## EXERCISE DATA
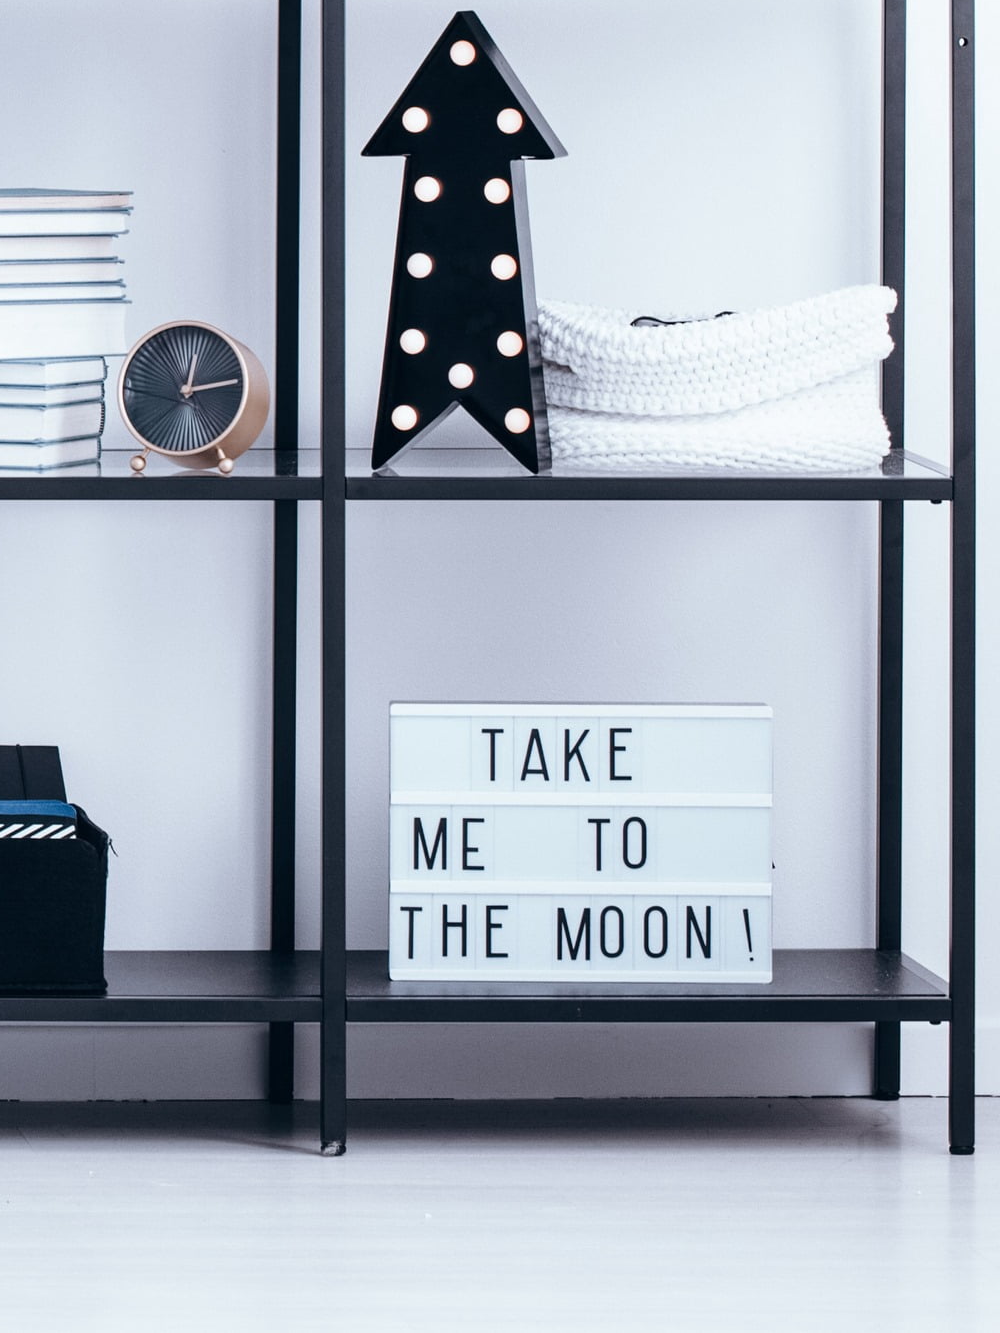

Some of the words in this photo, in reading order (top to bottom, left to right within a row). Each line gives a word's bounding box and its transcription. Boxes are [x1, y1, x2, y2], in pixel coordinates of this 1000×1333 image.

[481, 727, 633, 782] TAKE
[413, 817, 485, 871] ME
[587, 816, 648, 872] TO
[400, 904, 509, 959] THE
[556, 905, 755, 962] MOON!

## TASK DIRECTIONS
What you return must be the entries above, exactly as they appear, without any pictures.

## PROBLEM SOLUTION
Some of the words in this photo, in reading order (top to bottom, left to right within a row). Each line gives a word's bounding box and its transcription. Boxes are [x1, y1, x2, y2], in pixel coordinates of this 1000×1333 image.

[481, 727, 633, 782] TAKE
[413, 817, 485, 871] ME
[587, 816, 648, 872] TO
[400, 904, 509, 959] THE
[556, 905, 755, 962] MOON!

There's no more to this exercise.